Saved data entries
════════

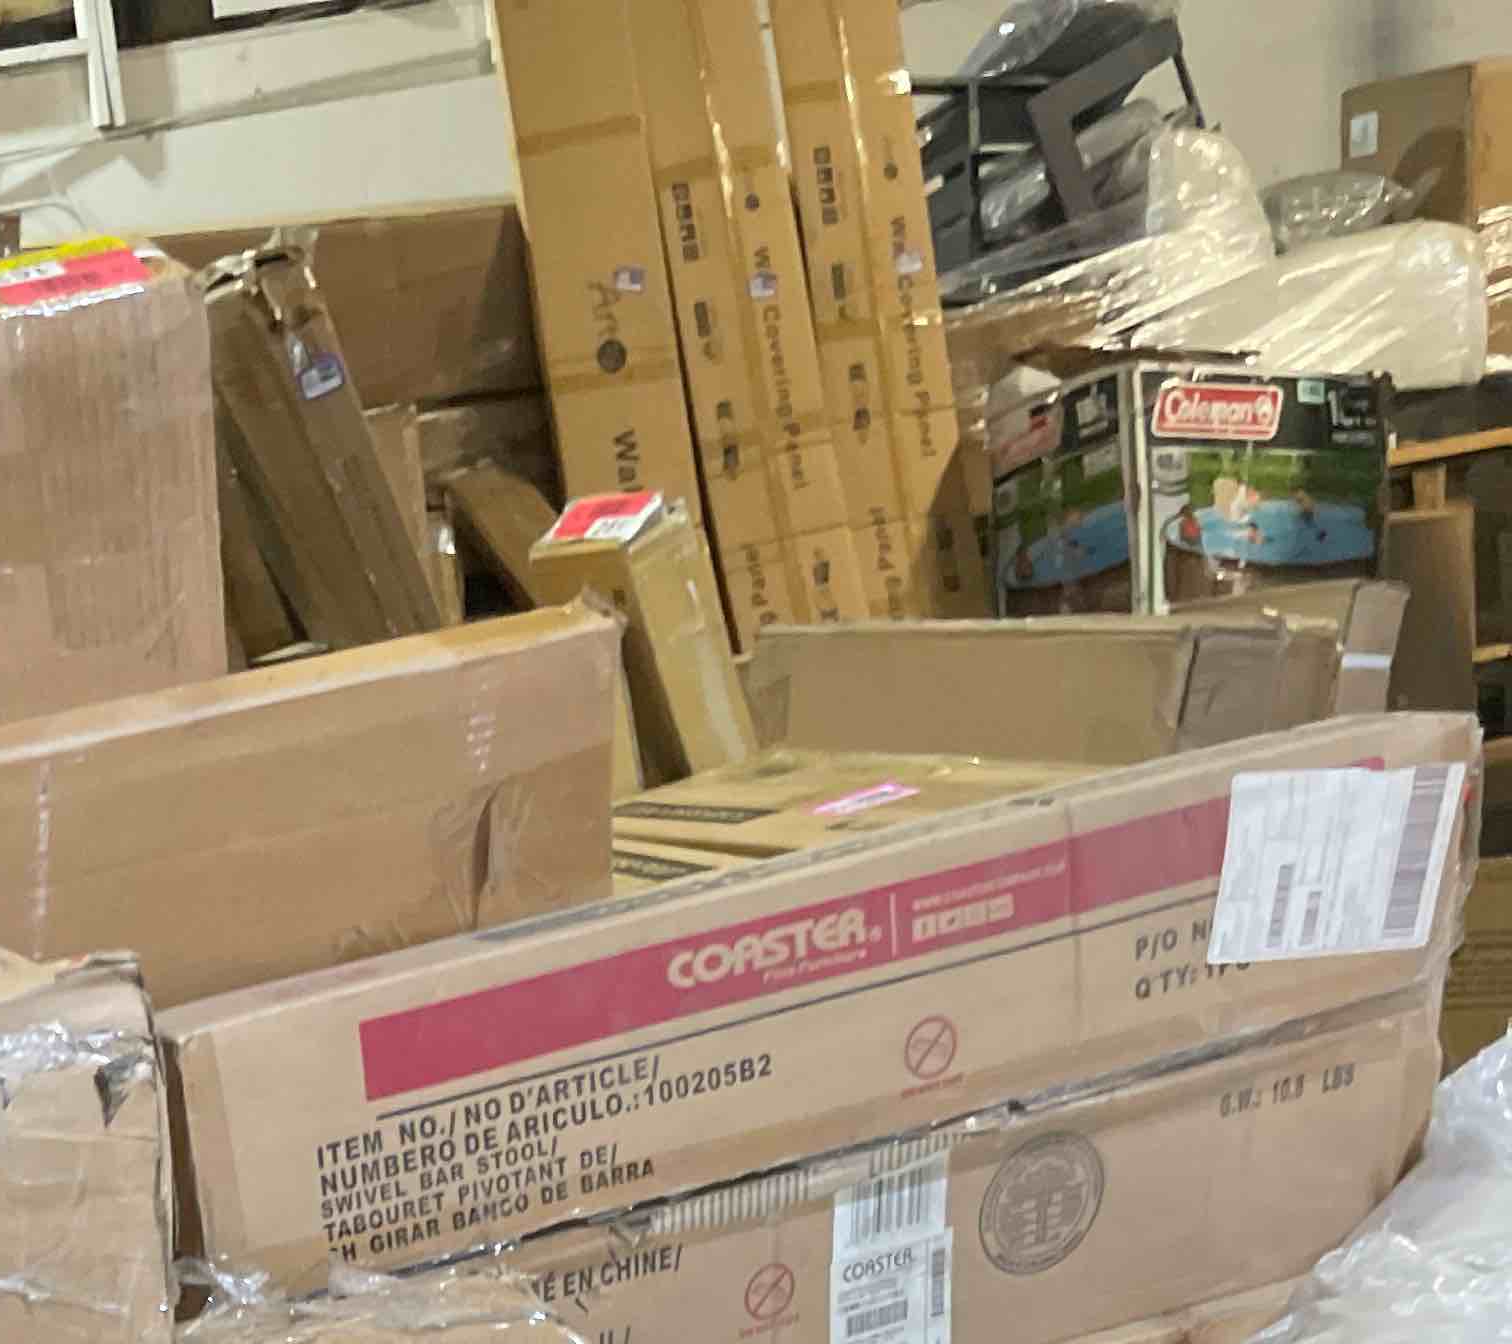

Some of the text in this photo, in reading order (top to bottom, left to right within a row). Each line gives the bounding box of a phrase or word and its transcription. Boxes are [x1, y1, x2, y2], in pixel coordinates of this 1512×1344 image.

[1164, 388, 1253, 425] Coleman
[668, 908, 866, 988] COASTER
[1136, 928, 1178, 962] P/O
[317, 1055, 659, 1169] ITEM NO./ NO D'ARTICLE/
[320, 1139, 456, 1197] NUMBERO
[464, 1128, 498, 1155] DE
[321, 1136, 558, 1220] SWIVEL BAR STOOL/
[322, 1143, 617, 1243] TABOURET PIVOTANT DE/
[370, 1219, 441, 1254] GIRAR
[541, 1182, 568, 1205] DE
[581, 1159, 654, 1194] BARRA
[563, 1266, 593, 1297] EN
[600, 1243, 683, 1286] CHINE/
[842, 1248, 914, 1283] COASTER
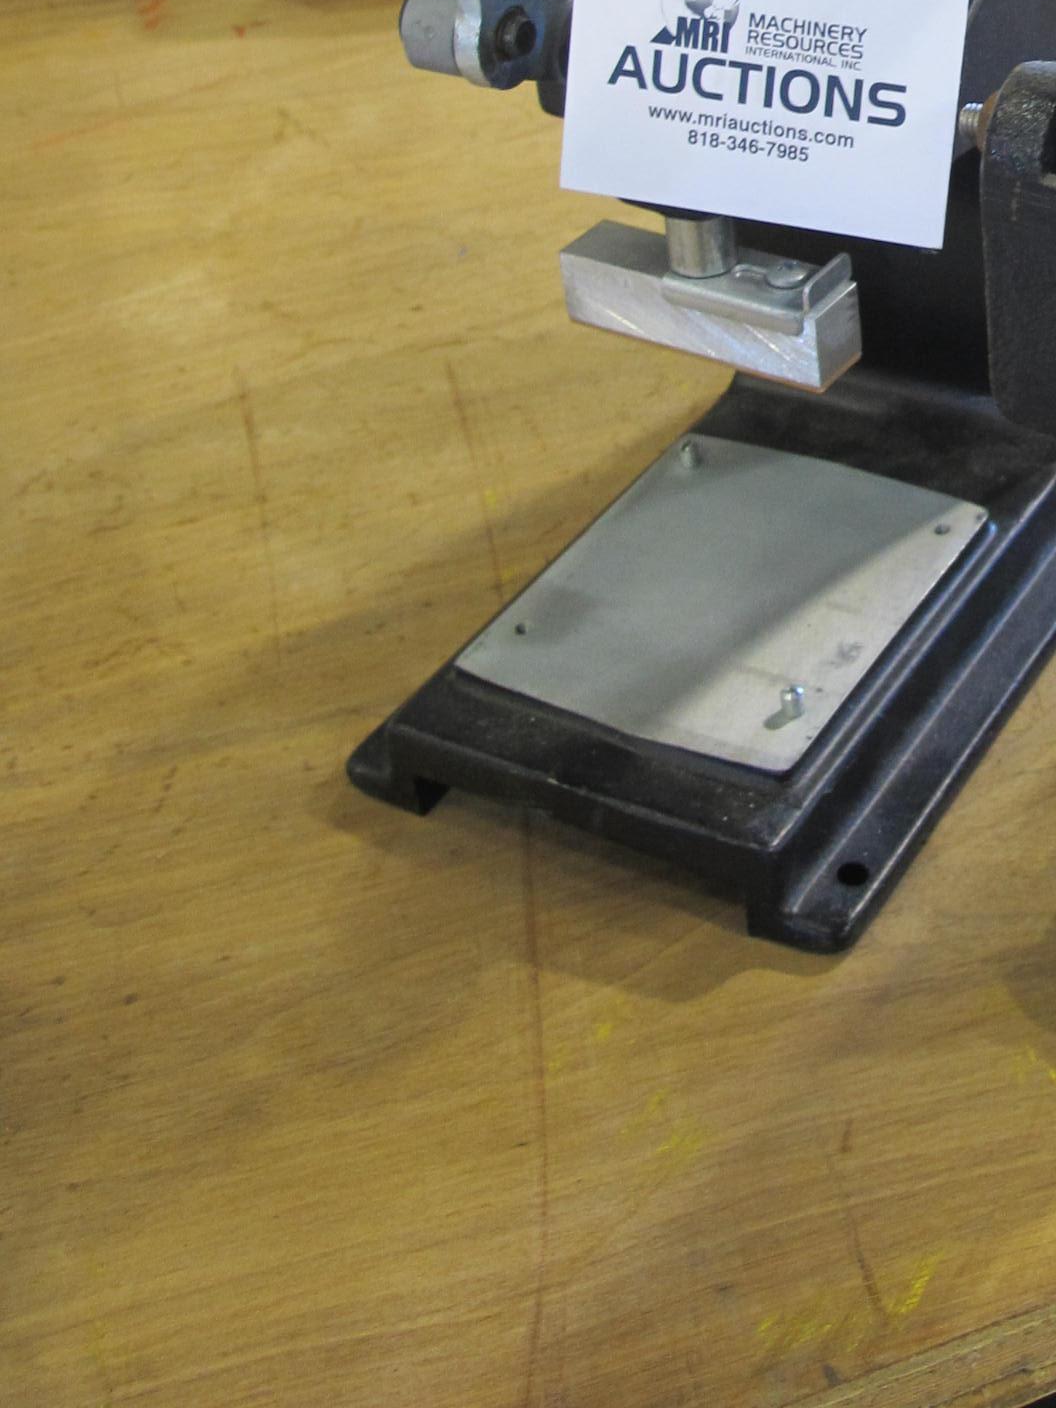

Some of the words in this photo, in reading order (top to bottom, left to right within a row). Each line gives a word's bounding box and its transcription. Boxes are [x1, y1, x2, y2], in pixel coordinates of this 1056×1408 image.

════════

--- Problem description ---
Your answer must be an exact transcription of every entry, minus the pictures.

--- Response to this task ---
Some of the text in this photo, in reading order (top to bottom, left to right within a row). Each line gives the bounding box of a phrase or word and its transcription. Boxes are [x1, y1, x2, y2], in pixel coordinates of this 1512×1344 image.

[1164, 388, 1253, 425] Coleman
[668, 908, 866, 988] COASTER
[1136, 928, 1178, 962] P/O
[317, 1055, 659, 1169] ITEM NO./ NO D'ARTICLE/
[320, 1139, 456, 1197] NUMBERO
[464, 1128, 498, 1155] DE
[321, 1136, 558, 1220] SWIVEL BAR STOOL/
[322, 1143, 617, 1243] TABOURET PIVOTANT DE/
[370, 1219, 441, 1254] GIRAR
[541, 1182, 568, 1205] DE
[581, 1159, 654, 1194] BARRA
[563, 1266, 593, 1297] EN
[600, 1243, 683, 1286] CHINE/
[842, 1248, 914, 1283] COASTER

Some of the words in this photo, in reading order (top to bottom, left to right within a row). Each line gives a word's bounding box and its transcription. Boxes are [x1, y1, x2, y2], in pixel coordinates of this 1056×1408 image.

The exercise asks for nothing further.